→ **Goal of the exercise**
Write out all of the data exactly as it appears.

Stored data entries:
┄┄┄┄┄┄┄┄┄┄┄┄┄┄┄┄┄┄┄┄

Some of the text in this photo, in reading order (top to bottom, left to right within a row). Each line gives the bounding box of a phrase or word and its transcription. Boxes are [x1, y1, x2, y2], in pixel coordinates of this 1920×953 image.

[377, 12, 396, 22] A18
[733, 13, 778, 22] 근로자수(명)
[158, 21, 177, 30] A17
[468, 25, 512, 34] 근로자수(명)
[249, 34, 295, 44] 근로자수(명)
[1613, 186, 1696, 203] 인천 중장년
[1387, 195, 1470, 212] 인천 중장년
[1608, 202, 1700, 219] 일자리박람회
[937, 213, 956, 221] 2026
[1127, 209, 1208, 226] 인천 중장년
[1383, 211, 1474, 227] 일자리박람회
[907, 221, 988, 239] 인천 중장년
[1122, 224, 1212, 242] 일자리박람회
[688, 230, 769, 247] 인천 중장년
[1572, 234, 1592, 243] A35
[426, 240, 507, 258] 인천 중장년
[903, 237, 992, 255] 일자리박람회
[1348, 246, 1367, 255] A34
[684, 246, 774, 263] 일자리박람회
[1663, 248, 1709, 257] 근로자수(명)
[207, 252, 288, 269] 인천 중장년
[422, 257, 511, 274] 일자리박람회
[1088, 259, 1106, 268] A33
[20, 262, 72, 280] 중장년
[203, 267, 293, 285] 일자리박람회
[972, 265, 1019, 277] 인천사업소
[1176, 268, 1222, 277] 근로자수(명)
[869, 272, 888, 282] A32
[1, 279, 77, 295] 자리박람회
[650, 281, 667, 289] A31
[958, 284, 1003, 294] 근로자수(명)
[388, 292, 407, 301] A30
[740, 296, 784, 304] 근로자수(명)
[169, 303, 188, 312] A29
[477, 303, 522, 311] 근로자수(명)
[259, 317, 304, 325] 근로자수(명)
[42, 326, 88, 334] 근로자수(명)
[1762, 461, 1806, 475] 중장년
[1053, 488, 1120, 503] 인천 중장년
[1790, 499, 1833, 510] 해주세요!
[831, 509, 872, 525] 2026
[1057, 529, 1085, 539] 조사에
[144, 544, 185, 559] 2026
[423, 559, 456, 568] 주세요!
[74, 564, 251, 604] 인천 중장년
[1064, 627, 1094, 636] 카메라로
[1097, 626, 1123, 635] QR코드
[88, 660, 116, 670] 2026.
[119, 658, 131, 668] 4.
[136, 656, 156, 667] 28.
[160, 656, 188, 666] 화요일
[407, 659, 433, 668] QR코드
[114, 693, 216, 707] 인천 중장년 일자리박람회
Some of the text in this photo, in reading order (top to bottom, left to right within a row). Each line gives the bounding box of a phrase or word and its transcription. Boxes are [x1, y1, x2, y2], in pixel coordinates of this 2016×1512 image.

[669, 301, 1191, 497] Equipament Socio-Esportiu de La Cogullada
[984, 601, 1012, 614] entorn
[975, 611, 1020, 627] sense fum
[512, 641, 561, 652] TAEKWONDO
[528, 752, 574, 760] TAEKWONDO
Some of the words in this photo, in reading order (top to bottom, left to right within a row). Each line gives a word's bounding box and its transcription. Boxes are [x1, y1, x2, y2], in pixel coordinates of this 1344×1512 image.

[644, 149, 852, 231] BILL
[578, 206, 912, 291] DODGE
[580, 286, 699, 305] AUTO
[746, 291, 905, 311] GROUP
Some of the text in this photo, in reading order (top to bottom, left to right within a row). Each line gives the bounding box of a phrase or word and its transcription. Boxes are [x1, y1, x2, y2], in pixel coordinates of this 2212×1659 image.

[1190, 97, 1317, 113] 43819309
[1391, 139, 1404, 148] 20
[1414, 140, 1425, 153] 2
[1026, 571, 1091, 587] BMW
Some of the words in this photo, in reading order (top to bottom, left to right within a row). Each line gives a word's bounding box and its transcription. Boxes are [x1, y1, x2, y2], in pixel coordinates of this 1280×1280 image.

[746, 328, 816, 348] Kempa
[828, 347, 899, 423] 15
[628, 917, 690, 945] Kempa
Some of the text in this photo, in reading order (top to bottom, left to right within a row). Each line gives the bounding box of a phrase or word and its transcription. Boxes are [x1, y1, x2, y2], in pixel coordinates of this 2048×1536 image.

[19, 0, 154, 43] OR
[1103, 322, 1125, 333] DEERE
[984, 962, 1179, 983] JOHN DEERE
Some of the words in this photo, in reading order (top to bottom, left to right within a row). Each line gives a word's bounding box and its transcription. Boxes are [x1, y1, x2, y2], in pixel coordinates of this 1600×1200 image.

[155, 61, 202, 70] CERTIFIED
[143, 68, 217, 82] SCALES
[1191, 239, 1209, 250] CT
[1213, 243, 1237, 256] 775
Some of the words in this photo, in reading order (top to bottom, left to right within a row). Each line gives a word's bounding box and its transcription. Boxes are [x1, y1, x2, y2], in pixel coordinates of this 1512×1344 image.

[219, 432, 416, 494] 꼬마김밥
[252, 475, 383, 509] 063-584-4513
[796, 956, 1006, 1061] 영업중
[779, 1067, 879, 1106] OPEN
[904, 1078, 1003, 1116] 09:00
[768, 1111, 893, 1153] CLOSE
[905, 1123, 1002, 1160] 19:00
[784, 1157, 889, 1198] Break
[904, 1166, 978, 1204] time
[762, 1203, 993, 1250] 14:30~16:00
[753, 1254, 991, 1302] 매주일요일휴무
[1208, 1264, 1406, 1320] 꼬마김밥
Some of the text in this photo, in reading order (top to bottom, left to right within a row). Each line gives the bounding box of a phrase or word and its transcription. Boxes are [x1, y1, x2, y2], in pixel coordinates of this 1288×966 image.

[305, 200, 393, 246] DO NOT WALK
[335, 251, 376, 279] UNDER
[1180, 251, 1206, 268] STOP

┄┄┄┄┄┄┄┄┄┄┄┄┄┄┄┄┄┄┄┄

→ **Output of the task**
Some of the text in this photo, in reading order (top to bottom, left to right within a row). Each line gives the bounding box of a phrase or word and its transcription. Boxes are [x1, y1, x2, y2], in pixel coordinates of this 1920×953 image.

[377, 12, 396, 22] A18
[733, 13, 778, 22] 근로자수(명)
[158, 21, 177, 30] A17
[468, 25, 512, 34] 근로자수(명)
[249, 34, 295, 44] 근로자수(명)
[1613, 186, 1696, 203] 인천 중장년
[1387, 195, 1470, 212] 인천 중장년
[1608, 202, 1700, 219] 일자리박람회
[937, 213, 956, 221] 2026
[1127, 209, 1208, 226] 인천 중장년
[1383, 211, 1474, 227] 일자리박람회
[907, 221, 988, 239] 인천 중장년
[1122, 224, 1212, 242] 일자리박람회
[688, 230, 769, 247] 인천 중장년
[1572, 234, 1592, 243] A35
[426, 240, 507, 258] 인천 중장년
[903, 237, 992, 255] 일자리박람회
[1348, 246, 1367, 255] A34
[684, 246, 774, 263] 일자리박람회
[1663, 248, 1709, 257] 근로자수(명)
[207, 252, 288, 269] 인천 중장년
[422, 257, 511, 274] 일자리박람회
[1088, 259, 1106, 268] A33
[20, 262, 72, 280] 중장년
[203, 267, 293, 285] 일자리박람회
[972, 265, 1019, 277] 인천사업소
[1176, 268, 1222, 277] 근로자수(명)
[869, 272, 888, 282] A32
[1, 279, 77, 295] 자리박람회
[650, 281, 667, 289] A31
[958, 284, 1003, 294] 근로자수(명)
[388, 292, 407, 301] A30
[740, 296, 784, 304] 근로자수(명)
[169, 303, 188, 312] A29
[477, 303, 522, 311] 근로자수(명)
[259, 317, 304, 325] 근로자수(명)
[42, 326, 88, 334] 근로자수(명)
[1762, 461, 1806, 475] 중장년
[1053, 488, 1120, 503] 인천 중장년
[1790, 499, 1833, 510] 해주세요!
[831, 509, 872, 525] 2026
[1057, 529, 1085, 539] 조사에
[144, 544, 185, 559] 2026
[423, 559, 456, 568] 주세요!
[74, 564, 251, 604] 인천 중장년
[1064, 627, 1094, 636] 카메라로
[1097, 626, 1123, 635] QR코드
[88, 660, 116, 670] 2026.
[119, 658, 131, 668] 4.
[136, 656, 156, 667] 28.
[160, 656, 188, 666] 화요일
[407, 659, 433, 668] QR코드
[114, 693, 216, 707] 인천 중장년 일자리박람회
Some of the text in this photo, in reading order (top to bottom, left to right within a row). Each line gives the bounding box of a phrase or word and its transcription. Boxes are [x1, y1, x2, y2], in pixel coordinates of this 2016×1512 image.

[669, 301, 1191, 497] Equipament Socio-Esportiu de La Cogullada
[984, 601, 1012, 614] entorn
[975, 611, 1020, 627] sense fum
[512, 641, 561, 652] TAEKWONDO
[528, 752, 574, 760] TAEKWONDO
Some of the words in this photo, in reading order (top to bottom, left to right within a row). Each line gives a word's bounding box and its transcription. Boxes are [x1, y1, x2, y2], in pixel coordinates of this 1344×1512 image.

[644, 149, 852, 231] BILL
[578, 206, 912, 291] DODGE
[580, 286, 699, 305] AUTO
[746, 291, 905, 311] GROUP
Some of the text in this photo, in reading order (top to bottom, left to right within a row). Each line gives the bounding box of a phrase or word and its transcription. Boxes are [x1, y1, x2, y2], in pixel coordinates of this 2212×1659 image.

[1190, 97, 1317, 113] 43819309
[1391, 139, 1404, 148] 20
[1414, 140, 1425, 153] 2
[1026, 571, 1091, 587] BMW
Some of the words in this photo, in reading order (top to bottom, left to right within a row). Each line gives a word's bounding box and its transcription. Boxes are [x1, y1, x2, y2], in pixel coordinates of this 1280×1280 image.

[746, 328, 816, 348] Kempa
[828, 347, 899, 423] 15
[628, 917, 690, 945] Kempa
Some of the text in this photo, in reading order (top to bottom, left to right within a row). Each line gives the bounding box of a phrase or word and its transcription. Boxes are [x1, y1, x2, y2], in pixel coordinates of this 2048×1536 image.

[19, 0, 154, 43] OR
[1103, 322, 1125, 333] DEERE
[984, 962, 1179, 983] JOHN DEERE
Some of the words in this photo, in reading order (top to bottom, left to right within a row). Each line gives a word's bounding box and its transcription. Boxes are [x1, y1, x2, y2], in pixel coordinates of this 1600×1200 image.

[155, 61, 202, 70] CERTIFIED
[143, 68, 217, 82] SCALES
[1191, 239, 1209, 250] CT
[1213, 243, 1237, 256] 775
Some of the words in this photo, in reading order (top to bottom, left to right within a row). Each line gives a word's bounding box and its transcription. Boxes are [x1, y1, x2, y2], in pixel coordinates of this 1512×1344 image.

[219, 432, 416, 494] 꼬마김밥
[252, 475, 383, 509] 063-584-4513
[796, 956, 1006, 1061] 영업중
[779, 1067, 879, 1106] OPEN
[904, 1078, 1003, 1116] 09:00
[768, 1111, 893, 1153] CLOSE
[905, 1123, 1002, 1160] 19:00
[784, 1157, 889, 1198] Break
[904, 1166, 978, 1204] time
[762, 1203, 993, 1250] 14:30~16:00
[753, 1254, 991, 1302] 매주일요일휴무
[1208, 1264, 1406, 1320] 꼬마김밥
Some of the text in this photo, in reading order (top to bottom, left to right within a row). Each line gives the bounding box of a phrase or word and its transcription. Boxes are [x1, y1, x2, y2], in pixel coordinates of this 1288×966 image.

[305, 200, 393, 246] DO NOT WALK
[335, 251, 376, 279] UNDER
[1180, 251, 1206, 268] STOP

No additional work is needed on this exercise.